A relação de Eva e James se fortalecia cada vez mais, e com isso James
pode notar que Eva sempre ficava muito deprimida e depois um tanto
raivosa quando lembrava do pai. James falava de seu pai tentando
confortar Eva, o pai dele tinha sido um importante detetive policial em
Dublin. Ele foi chefe do departamento anti-bombas, um departamento
designado também para acabar com o IRA.
Depois de saber disso Eva pediu para ficar sozinha um tempo, disse que
estava tudo bem, que James tinha ajudado bastante. Ele não entendeu
muito e mesmo assim saiu deixando Eva sozinha. No bar James continuou
tratando todos de maneira gentil e atenciosa, mas Eva já não aparecia
por lá com frenqüência. E foi ficando cada vez mais raro ver Eva no bar,
mas o relacionamento de James e Eva continuava a mesma coisa.

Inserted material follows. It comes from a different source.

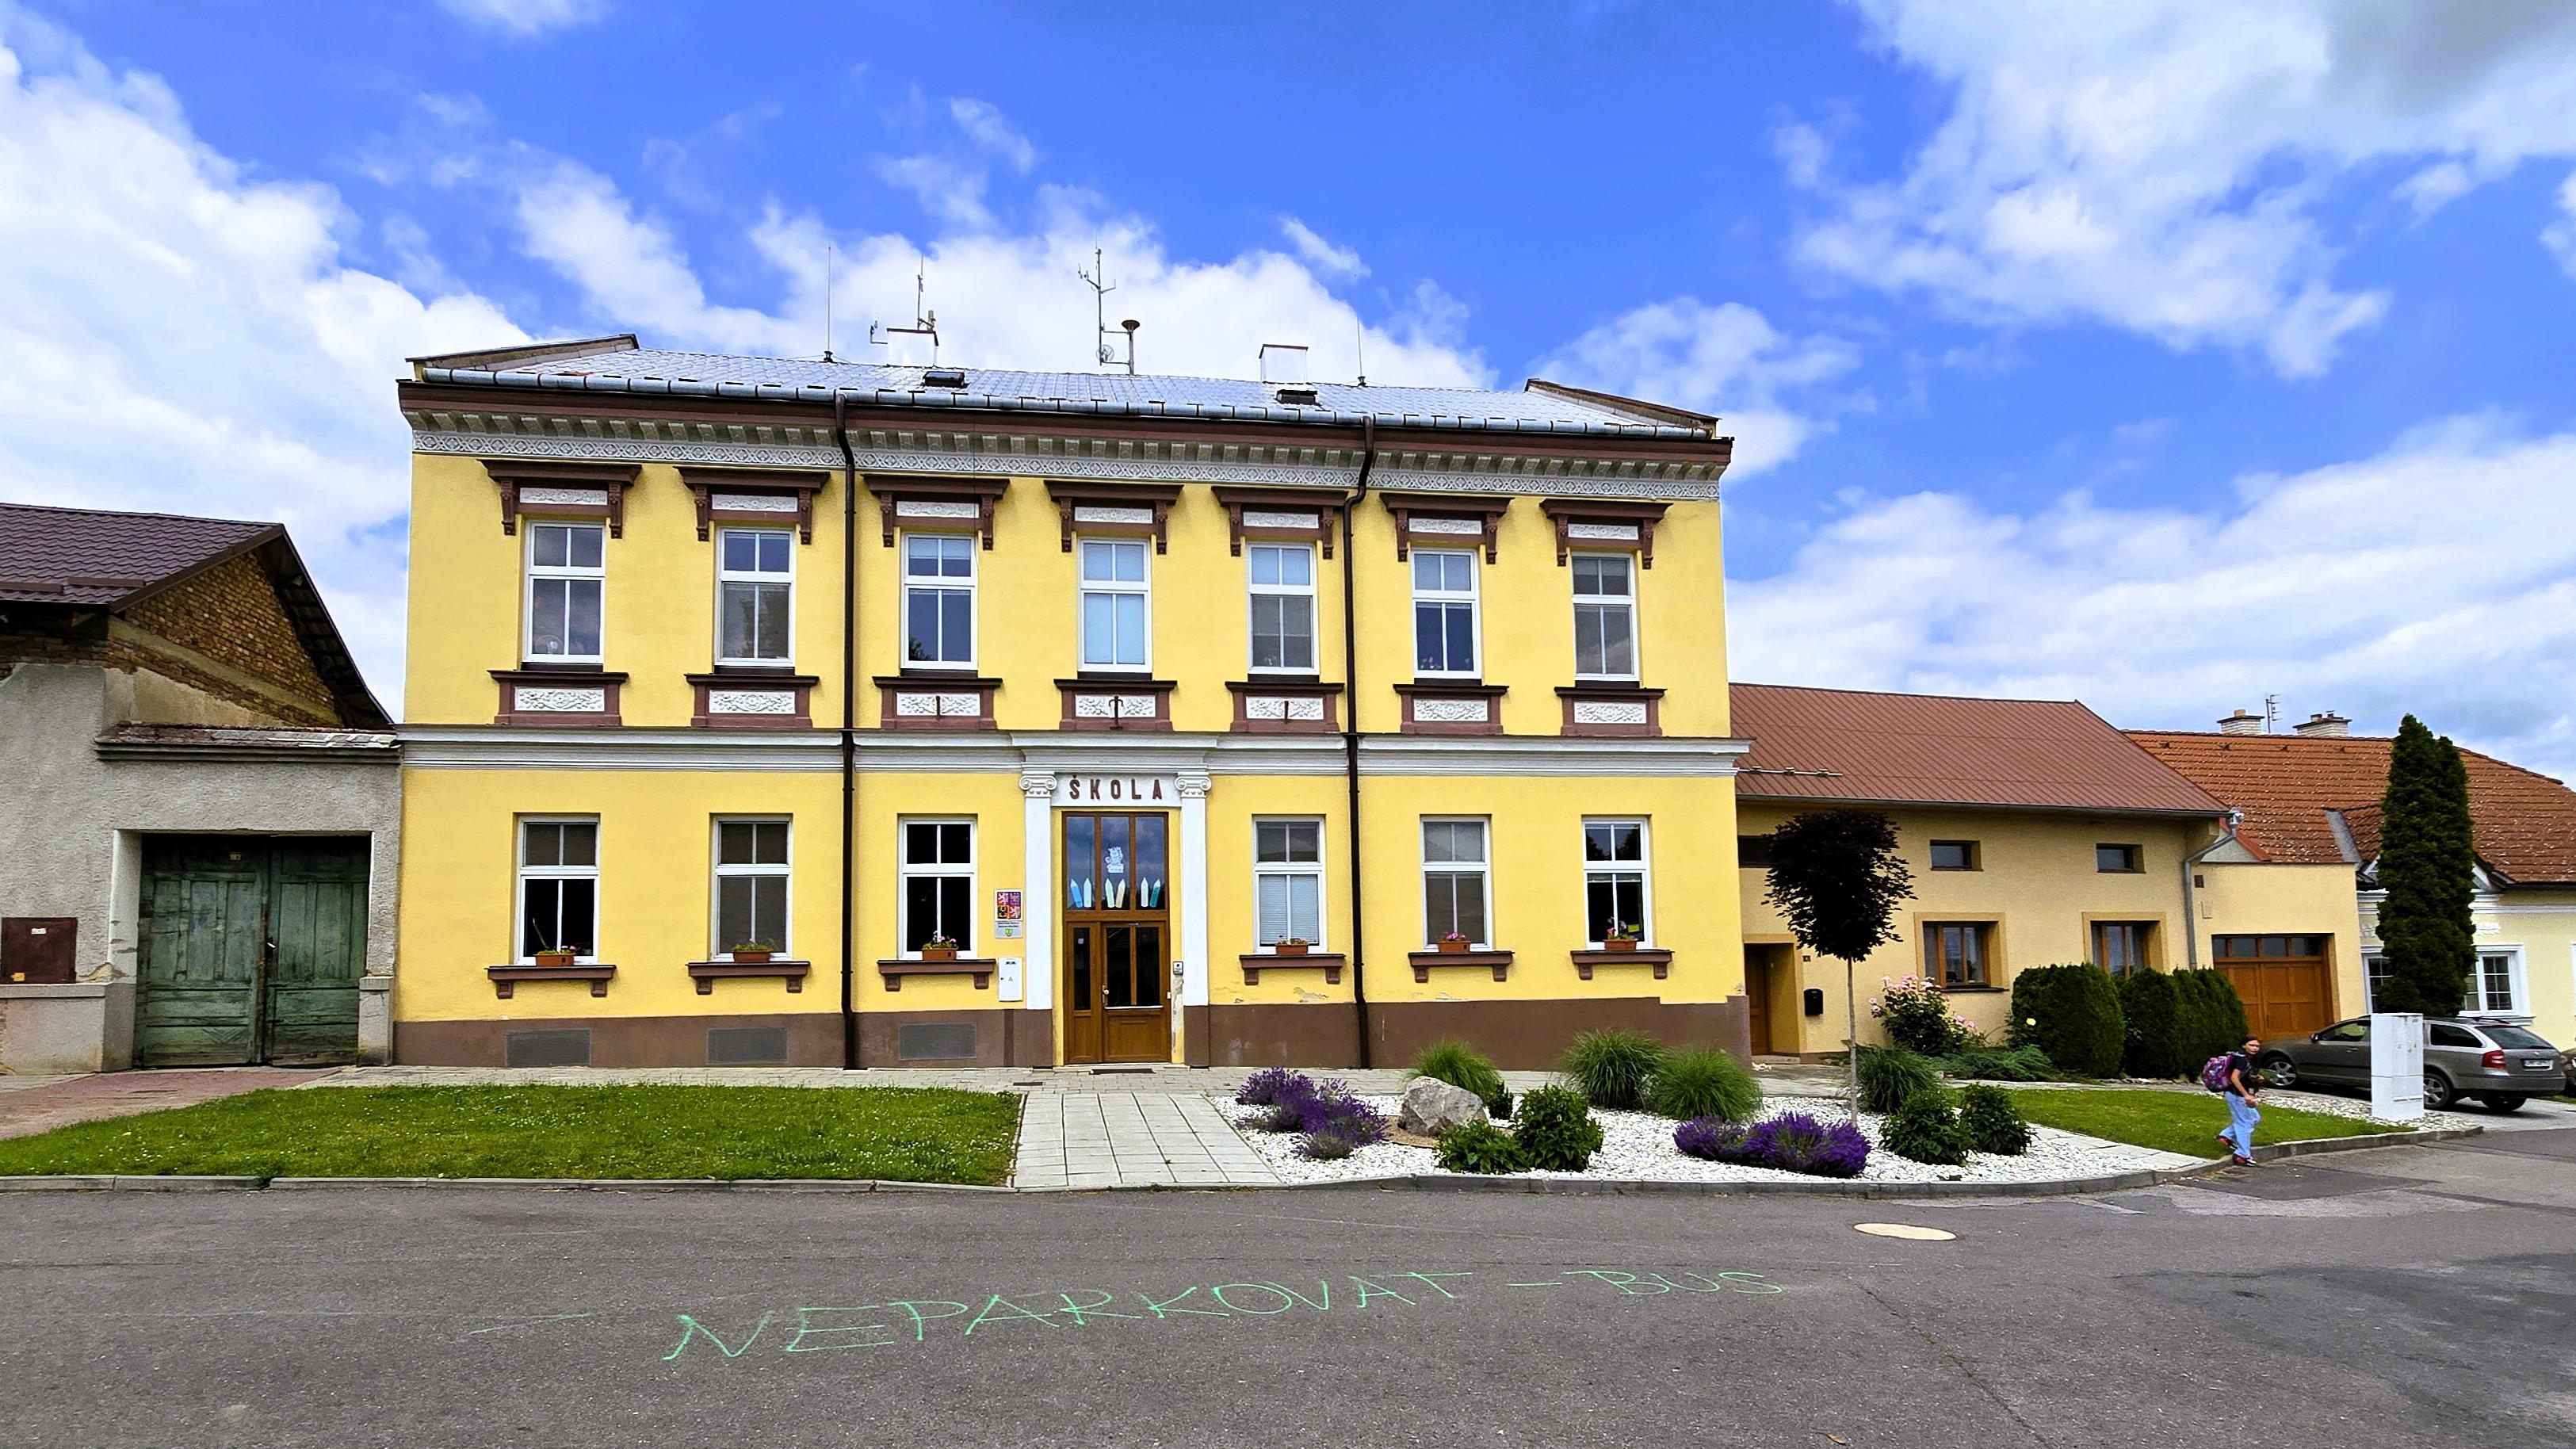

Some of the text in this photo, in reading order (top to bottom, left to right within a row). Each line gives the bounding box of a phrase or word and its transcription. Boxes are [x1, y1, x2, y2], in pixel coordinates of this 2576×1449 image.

[1069, 774, 1163, 800] ŠKOLA
[662, 1271, 1473, 1360] NEPARKOVAT
[1561, 1270, 1783, 1295] BUS

Numa noite chuvosa de sábado, um dos garotos de rua que se escondiam
debaixo da marquise de uma mercearia ao lado do bar, entra no bar e
entrega um bilhete para James e sai, era um bilhete da Eva. Do lado de
fora do bilhete estava escrito: 'abra no carro'! Como o bar estava cheio
James colocou o bilhete no bolso e continuou trabalhando. Acabou
esquecendo do bilhete, na hora de ir embora lembrou-se, mas resolveu
fazer o que Eva pediu no bilhete.
James entra no carro, coloca a chave na ignição e antes de dar partida
abre o bilhete, que tinha os seguintes dizeres: /Querido James, foi
maravilhoso conhecer você. Tudo que passamos foi e será inesquecível. É
uma pena não poder viver mais com você, mas isso aqui é o fim.../ antes
que James terminasse de ler, resolve ligar o carro. Num instante uma
explosão acaba com a calma daquela noite chuvosa. O carro de James vai
pelos ares em pedaços.
No dia seguinte foi encontrado um pedaço do bilhete: /Estou fazendo isso
pela honra da minha família. Seu pai foi o responsável pela morte de meu
pai. Ele não soube como provar que não era o perigoso militante do IRA.
Na verdade era eu quem seu pai procurava, só era conhecida apenas por
meu sobrenome. Por isso confundiram e pegaram meu pai, que não tinha
nada com o IRA. Mas agora seu pai deve saber a dor que é perder alguém
amado.../
Depois disso nunca mais se teve notícias de Eva.